SUPPLIED RECORDS ::
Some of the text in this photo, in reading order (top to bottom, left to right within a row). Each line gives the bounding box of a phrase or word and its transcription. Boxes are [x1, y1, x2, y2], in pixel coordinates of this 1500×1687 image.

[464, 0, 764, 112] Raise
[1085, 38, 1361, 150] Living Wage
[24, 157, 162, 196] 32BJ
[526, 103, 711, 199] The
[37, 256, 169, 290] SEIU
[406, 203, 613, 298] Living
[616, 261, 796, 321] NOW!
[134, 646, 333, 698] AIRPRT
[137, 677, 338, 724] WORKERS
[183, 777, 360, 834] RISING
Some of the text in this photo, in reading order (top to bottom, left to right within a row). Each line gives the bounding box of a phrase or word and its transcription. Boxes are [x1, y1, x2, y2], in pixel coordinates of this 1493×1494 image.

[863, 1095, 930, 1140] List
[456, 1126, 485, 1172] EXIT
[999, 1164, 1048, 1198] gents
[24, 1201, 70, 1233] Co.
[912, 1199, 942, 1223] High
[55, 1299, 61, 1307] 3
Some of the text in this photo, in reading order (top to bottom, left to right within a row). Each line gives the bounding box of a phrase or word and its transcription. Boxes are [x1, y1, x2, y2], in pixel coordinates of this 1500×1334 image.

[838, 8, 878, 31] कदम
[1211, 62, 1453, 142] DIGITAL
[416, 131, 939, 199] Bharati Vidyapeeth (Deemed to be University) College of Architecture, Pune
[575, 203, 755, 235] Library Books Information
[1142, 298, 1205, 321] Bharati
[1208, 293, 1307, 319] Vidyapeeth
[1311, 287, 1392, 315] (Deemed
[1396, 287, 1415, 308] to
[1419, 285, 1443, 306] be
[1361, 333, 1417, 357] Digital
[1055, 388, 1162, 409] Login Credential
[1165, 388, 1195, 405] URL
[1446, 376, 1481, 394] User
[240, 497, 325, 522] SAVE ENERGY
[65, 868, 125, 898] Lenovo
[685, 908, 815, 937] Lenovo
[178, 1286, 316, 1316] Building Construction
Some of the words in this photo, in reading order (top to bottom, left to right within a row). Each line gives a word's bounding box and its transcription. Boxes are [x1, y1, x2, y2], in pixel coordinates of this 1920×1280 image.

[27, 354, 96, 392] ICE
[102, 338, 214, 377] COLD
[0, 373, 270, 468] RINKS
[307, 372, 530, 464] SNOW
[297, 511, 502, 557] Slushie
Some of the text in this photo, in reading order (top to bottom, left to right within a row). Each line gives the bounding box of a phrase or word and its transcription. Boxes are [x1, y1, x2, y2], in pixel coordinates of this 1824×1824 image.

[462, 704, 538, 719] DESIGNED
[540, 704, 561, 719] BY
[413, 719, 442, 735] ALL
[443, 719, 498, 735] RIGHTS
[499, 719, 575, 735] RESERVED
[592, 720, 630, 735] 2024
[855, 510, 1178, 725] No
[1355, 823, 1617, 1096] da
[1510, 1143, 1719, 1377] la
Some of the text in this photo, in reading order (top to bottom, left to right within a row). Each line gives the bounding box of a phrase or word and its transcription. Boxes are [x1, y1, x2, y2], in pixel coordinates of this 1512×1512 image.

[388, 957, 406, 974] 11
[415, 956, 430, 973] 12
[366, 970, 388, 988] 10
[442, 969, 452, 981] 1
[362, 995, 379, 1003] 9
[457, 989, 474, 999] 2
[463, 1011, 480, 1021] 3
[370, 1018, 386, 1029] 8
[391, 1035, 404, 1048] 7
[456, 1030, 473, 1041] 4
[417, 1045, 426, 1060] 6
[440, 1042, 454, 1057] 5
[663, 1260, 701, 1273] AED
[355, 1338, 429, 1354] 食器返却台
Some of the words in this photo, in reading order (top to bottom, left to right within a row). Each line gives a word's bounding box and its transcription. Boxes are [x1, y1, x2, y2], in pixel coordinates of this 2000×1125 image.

EXERCISE DETAILS :: Output the data in full, exactly as it stands.

ANSWER TO THIS EXERCISE ::
Some of the text in this photo, in reading order (top to bottom, left to right within a row). Each line gives the bounding box of a phrase or word and its transcription. Boxes are [x1, y1, x2, y2], in pixel coordinates of this 1500×1687 image.

[464, 0, 764, 112] Raise
[1085, 38, 1361, 150] Living Wage
[24, 157, 162, 196] 32BJ
[526, 103, 711, 199] The
[37, 256, 169, 290] SEIU
[406, 203, 613, 298] Living
[616, 261, 796, 321] NOW!
[134, 646, 333, 698] AIRPRT
[137, 677, 338, 724] WORKERS
[183, 777, 360, 834] RISING
Some of the text in this photo, in reading order (top to bottom, left to right within a row). Each line gives the bounding box of a phrase or word and its transcription. Boxes are [x1, y1, x2, y2], in pixel coordinates of this 1493×1494 image.

[863, 1095, 930, 1140] List
[456, 1126, 485, 1172] EXIT
[999, 1164, 1048, 1198] gents
[24, 1201, 70, 1233] Co.
[912, 1199, 942, 1223] High
[55, 1299, 61, 1307] 3
Some of the text in this photo, in reading order (top to bottom, left to right within a row). Each line gives the bounding box of a phrase or word and its transcription. Boxes are [x1, y1, x2, y2], in pixel coordinates of this 1500×1334 image.

[838, 8, 878, 31] कदम
[1211, 62, 1453, 142] DIGITAL
[416, 131, 939, 199] Bharati Vidyapeeth (Deemed to be University) College of Architecture, Pune
[575, 203, 755, 235] Library Books Information
[1142, 298, 1205, 321] Bharati
[1208, 293, 1307, 319] Vidyapeeth
[1311, 287, 1392, 315] (Deemed
[1396, 287, 1415, 308] to
[1419, 285, 1443, 306] be
[1361, 333, 1417, 357] Digital
[1055, 388, 1162, 409] Login Credential
[1165, 388, 1195, 405] URL
[1446, 376, 1481, 394] User
[240, 497, 325, 522] SAVE ENERGY
[65, 868, 125, 898] Lenovo
[685, 908, 815, 937] Lenovo
[178, 1286, 316, 1316] Building Construction
Some of the words in this photo, in reading order (top to bottom, left to right within a row). Each line gives a word's bounding box and its transcription. Boxes are [x1, y1, x2, y2], in pixel coordinates of this 1920×1280 image.

[27, 354, 96, 392] ICE
[102, 338, 214, 377] COLD
[0, 373, 270, 468] RINKS
[307, 372, 530, 464] SNOW
[297, 511, 502, 557] Slushie
Some of the text in this photo, in reading order (top to bottom, left to right within a row). Each line gives the bounding box of a phrase or word and its transcription. Boxes are [x1, y1, x2, y2], in pixel coordinates of this 1824×1824 image.

[462, 704, 538, 719] DESIGNED
[540, 704, 561, 719] BY
[413, 719, 442, 735] ALL
[443, 719, 498, 735] RIGHTS
[499, 719, 575, 735] RESERVED
[592, 720, 630, 735] 2024
[855, 510, 1178, 725] No
[1355, 823, 1617, 1096] da
[1510, 1143, 1719, 1377] la
Some of the text in this photo, in reading order (top to bottom, left to right within a row). Each line gives the bounding box of a phrase or word and its transcription. Boxes are [x1, y1, x2, y2], in pixel coordinates of this 1512×1512 image.

[388, 957, 406, 974] 11
[415, 956, 430, 973] 12
[366, 970, 388, 988] 10
[442, 969, 452, 981] 1
[362, 995, 379, 1003] 9
[457, 989, 474, 999] 2
[463, 1011, 480, 1021] 3
[370, 1018, 386, 1029] 8
[391, 1035, 404, 1048] 7
[456, 1030, 473, 1041] 4
[417, 1045, 426, 1060] 6
[440, 1042, 454, 1057] 5
[663, 1260, 701, 1273] AED
[355, 1338, 429, 1354] 食器返却台
Some of the words in this photo, in reading order (top to bottom, left to right within a row). Each line gives a word's bounding box and its transcription. Boxes are [x1, y1, x2, y2], in pixel coordinates of this 2000×1125 image.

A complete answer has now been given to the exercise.